Afghanistan
They bomb pharmacies, don't they?
On Aug. 20, President Clinton personally ordered the leveling of the Al-Shifa pharmaceutical plant on the outskirts of Khartoum. More or less simultaneously, another flight of cruise missiles was dropped on various parts of Afghanistan and also — who’s counting? — Pakistan, in an apparent effort to impress the vile Osama bin Laden. Bin Laden, of course, hopes to bring a “judgmental” monotheism of his own to bear on these United States, and is thus in some peoples’ minds a sort of Arab version of Ken Starr.
Sources in U.S. Intelligence apparently claimed that there was only one “window” through which to strike at bin Laden, and that the only time they could hope to hit his Afghan fastness by this remote means was on the night of Monica Lewinsky’s return to the grand jury. Let’s assume they were correct. After all, they helped build and equip his camps and they may know something we don’t (even if they ended up missing him). Furthermore, the hideous Taliban regime is not available for the receiving of diplomatic notes, has even executed some Iranian envoys and seems in other ways to be deaf to shame.
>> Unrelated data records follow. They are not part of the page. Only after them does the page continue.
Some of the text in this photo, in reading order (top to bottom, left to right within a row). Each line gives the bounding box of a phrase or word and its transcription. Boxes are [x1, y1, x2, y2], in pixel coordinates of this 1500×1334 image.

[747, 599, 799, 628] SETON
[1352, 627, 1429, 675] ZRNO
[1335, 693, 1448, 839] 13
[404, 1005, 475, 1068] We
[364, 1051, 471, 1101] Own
But Khartoum? There are two separate but related questions here. First, was the Al-Shifa factory a Tom Clancy cauldron of devil’s brew? Second, did it have to be hit that very night? The first question does involve the second, but for convenience let’s summarize its headings. The administration said that no medical or commercial products were made at Al-Shifa. It added that the factory was directly related to bin Laden’s occult commercial empire. It further said that the traces of the chemical compound EMPTA had been found in the soil outside the plant. Within days, there was an amazingly swift climb-down from all these claims:
- Vials of medicine and other evidence of civilian pharmaceutical manufacture were visible in photographs of the first day’s debris. The German ambassador to Sudan, Werner Daum, sent a sarcastic cable to Bonn saying that he knew this all along. The British engineer who built the plant, Tom Carnaffin, attested that the plant had no space for the off-the-record experimental work. Other engineers and architects pointed out that the factory had no air-sealed doors, essential if poison gas is to be on the menu. The Sudanese government called loudly for an international inspection, which the Clinton administration — once so confident — declined to endorse. By the first week in September, Defense Secretary William Cohen admitted that he “should have known” that Al-Shifa made medical and agricultural products.
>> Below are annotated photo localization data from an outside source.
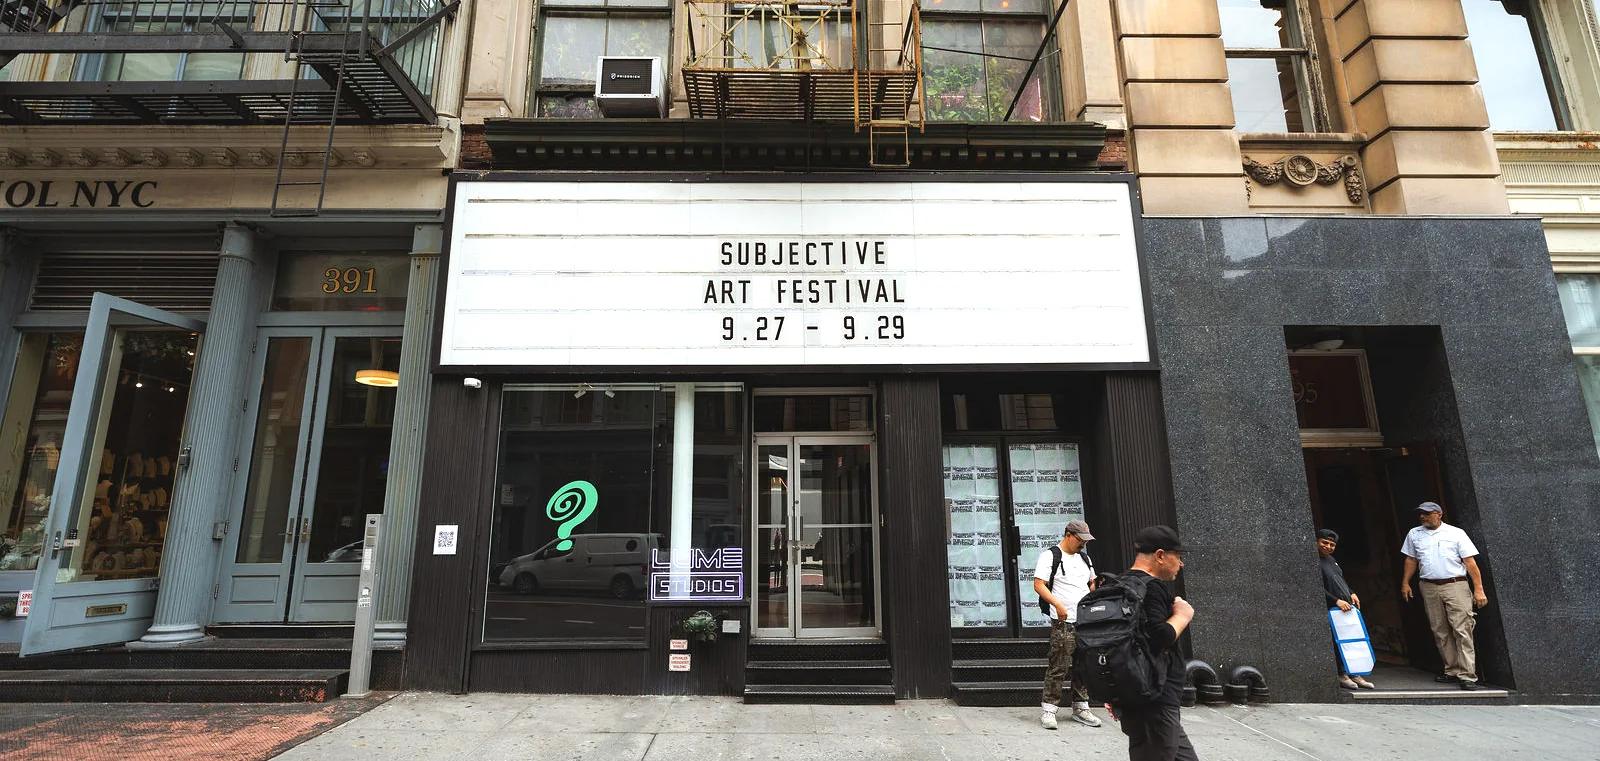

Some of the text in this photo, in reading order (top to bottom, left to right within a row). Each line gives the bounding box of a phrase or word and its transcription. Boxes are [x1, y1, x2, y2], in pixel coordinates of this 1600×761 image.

[0, 180, 158, 207] OL NYC
[720, 241, 886, 266] SUBJECTIVE
[321, 267, 377, 294] 391
[703, 279, 905, 304] ART FESTIVAL
[722, 316, 785, 341] 9.27
[843, 315, 905, 340] 9.29
[652, 548, 743, 569] LUME
[660, 580, 735, 593] STUDIOS
- Secretary Cohen also admitted in the same statement that there was no longer any “direct” financial connection to be asserted between bin Laden and the plant. But he was still pretty sure that there were indirect ones. That could be. There are also many straightforward connections between the turbanned one and Saudi Arabia. But does anyone believe that the United States would rocket a Saudi Arabian target and let the monarchs find out about it from CNN, or when the missiles fell?
- The presence of EMPTA (O-ethyl methyl phosphonothoic acid) proves nothing on its own, whether found in the soil near a factory or inside the factory itself. I spoke to Professor R.J.P. Williams, who is Professor of Inorganic Chemistry at Oxford and considered something of an authority on biological systems and on EMPTA. It can be an intermediate in the production of VX gas, he told me, but it can be an intermediate for dealing with agricultural pests and for myriad other purposes. “We must be told where the compound was found, and in what quantity it is known to have been produced, and whether there is any ascertainable link to nerve-gas production. ‘Trace’ elements in adjacent soil are of no use. Either the administration has something to hide, or for some reason is withholding the evidence.”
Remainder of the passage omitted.